= Backup validation =

Backup validation is the process whereby owners of computer data may examine how their data was backed up in order to understand what their risk of data loss might be. It also speaks to optimization of such processes, charging for them as well as estimating future requirements, sometimes called capacity planning.

==History==
Over the past several decades (leading up to 2005), organizations (banks, governments, schools, manufacturers and others) have increased their reliance more on "Open Systems" and less on "Closed Systems". For example, 25 years ago, a large bank might have most if not all of its critical data housed in an IBM mainframe computer (a "Closed System"), but today, that same bank might store a substantially greater portion of its critical data in spreadsheets, databases, or even word processing documents (i.e., "Open Systems"). The problem with Open Systems is, primarily, their unpredictable nature. The very nature of an Open System is that it is exposed to potentially thousands if not millions of variables ranging from network overloads to computer virus attacks to simple software incompatibility. Any one, or indeed several in combination, of these factors may result in either lost data and/or compromised data backup attempts. These types of problems do not generally occur on Closed Systems, or at least, in unpredictable ways. In the "old days", backups were a nicely contained affair. Today, because of the ubiquity of, and dependence upon, Open Systems, an entire industry has developed around data protection. Three key elements of such data protection are Validation, Optimization and Chargeback.

==Validation==
Validation is the process of finding out whether a backup attempt succeeded or not, or, whether the data is backed up enough to consider it "protected". This process usually involves the examination of log files, the "smoking gun" often left behind after a backup attempts takes place, as well as media databases, data traffic and even magnetic tapes. Patterns can be detected, key error messages identified and statistics extracted in order to determine which backups worked and which did not. According to Veeam Availability Report in 2014 organizations test their backups for recoverability on average every eight days. However, each quarter, organizations only test an average of 5.26 percent of their backups, meaning that the vast majority of backups are not verified, so could fail and cause downtime.

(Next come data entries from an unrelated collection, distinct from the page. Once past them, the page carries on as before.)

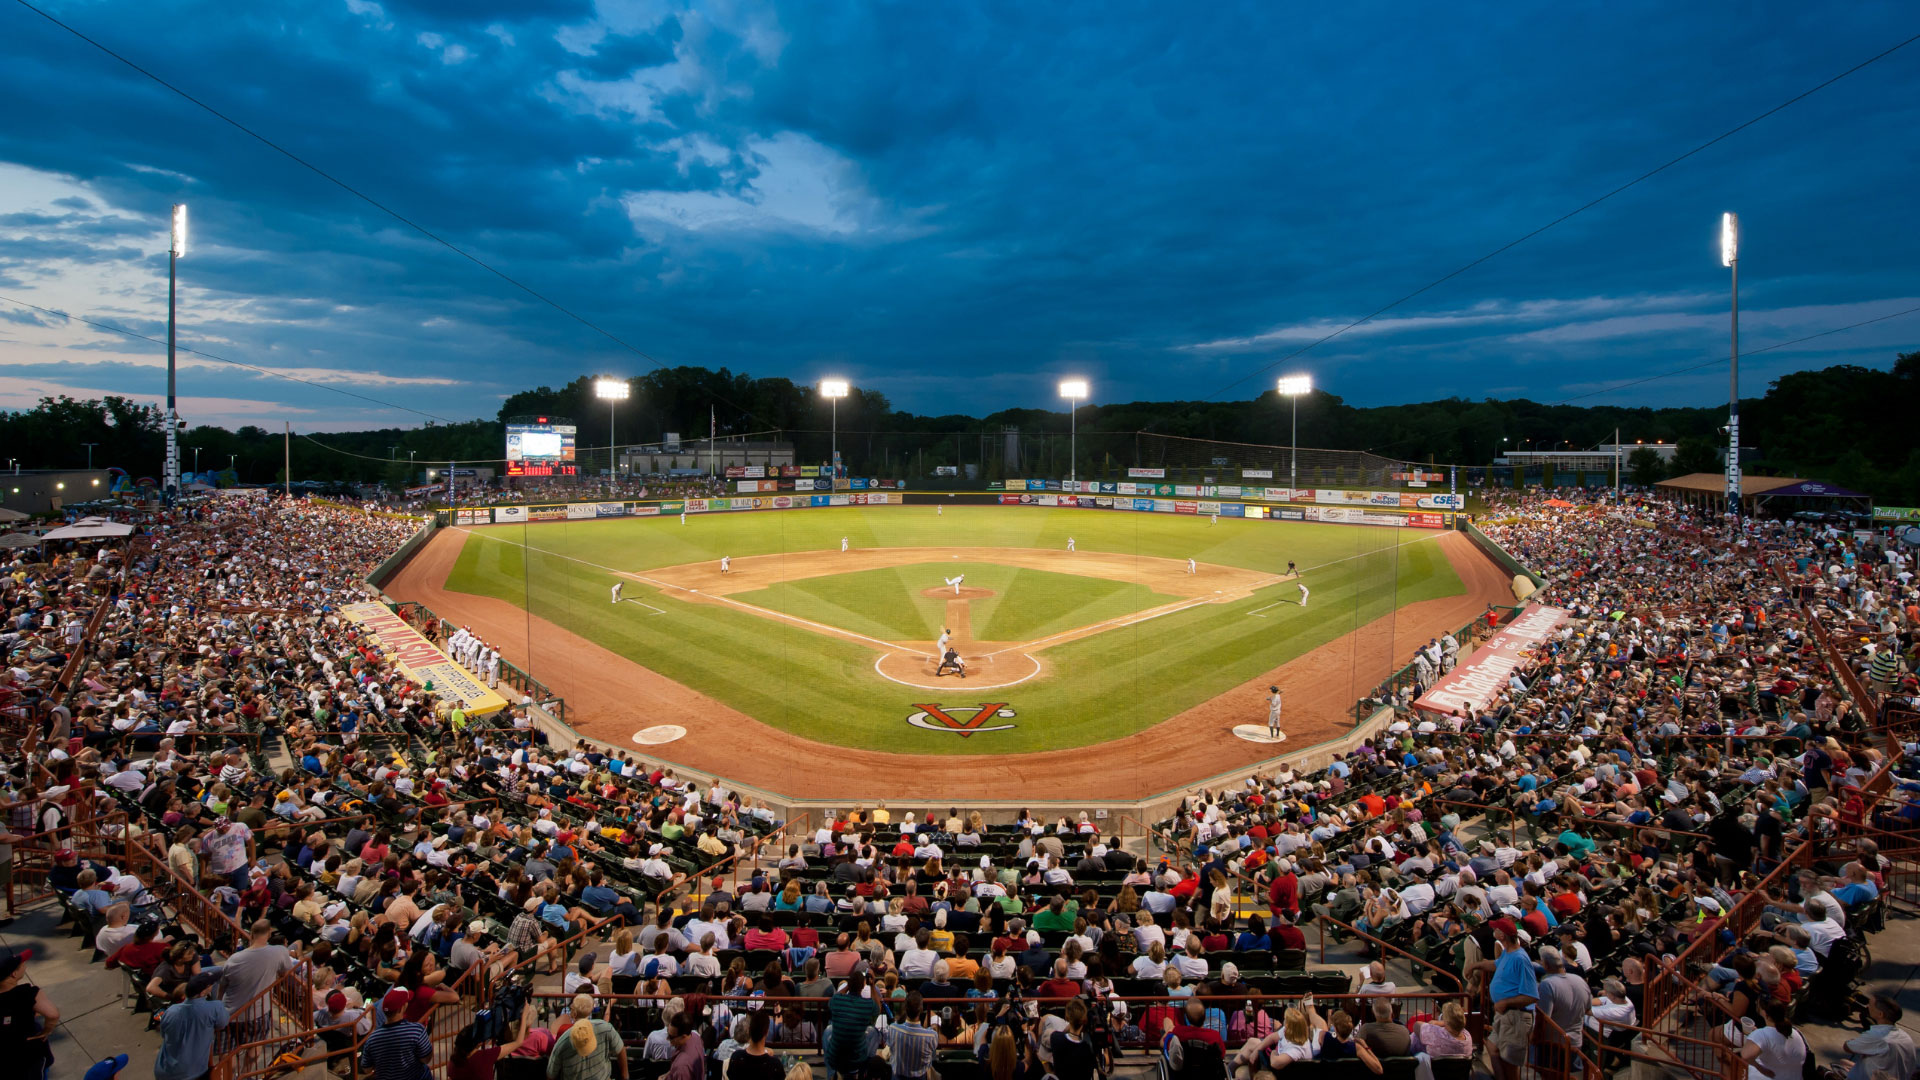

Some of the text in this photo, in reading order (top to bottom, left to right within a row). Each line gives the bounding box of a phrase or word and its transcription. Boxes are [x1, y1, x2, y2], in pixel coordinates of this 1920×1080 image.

[1729, 414, 1739, 493] sunmark
[1197, 485, 1218, 496] Jif
[1874, 508, 1908, 520] Buddy's
[1505, 641, 1518, 650] Go
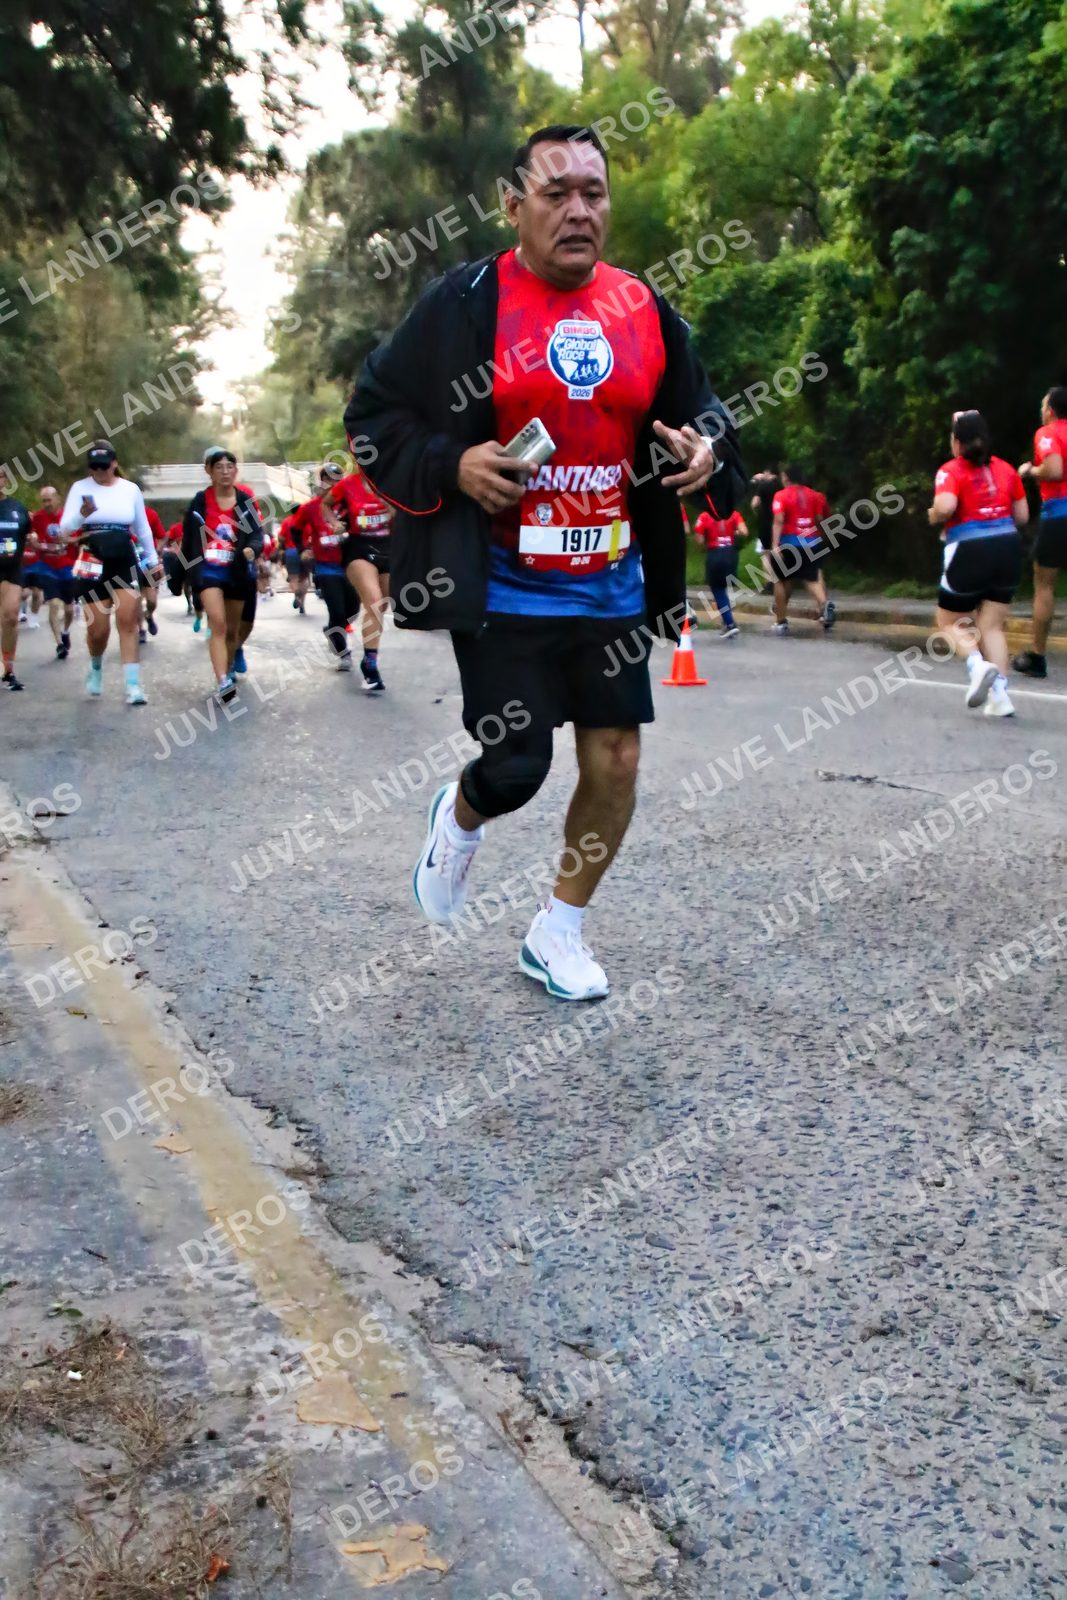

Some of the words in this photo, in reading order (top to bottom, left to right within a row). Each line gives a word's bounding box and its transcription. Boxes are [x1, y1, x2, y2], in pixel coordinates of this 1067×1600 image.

Some backup software's validation consists solely of examining the backup file to see if it can be read by the backup program. That is a useful part of validation, but as an entire validation process, it's useless.

A proper validation process consists of at least two processes. Validation of a backup file is of little or no use unless it compares the backup file's data to the data of the source. Additionally, "validation" is an unknown unless it's known with certainty that the backup file can actually restore the source's data.

==Optimization==
Optimization is the process of examining productivity patterns in the process of backup to determine where improvements can be made and often, where certain (less important) backup jobs may be eliminated entirely.

==Chargeback==
Very often, the service of backing up data is done by one person (or persons) in the service of others, the Owners of the data. Becoming more prevalent today also is the charging for those services back to the data owners. A simple fee per backup might be agreed upon, or, as is more often the case, a complex charge based on success rates, speed, size, frequency and retention (how long the copy is kept) is put into place. Usually some form of service level agreement (SLA) is in place between the backup service provider and the data owner in which it is agreed what is to be done and how the service is to be charged for.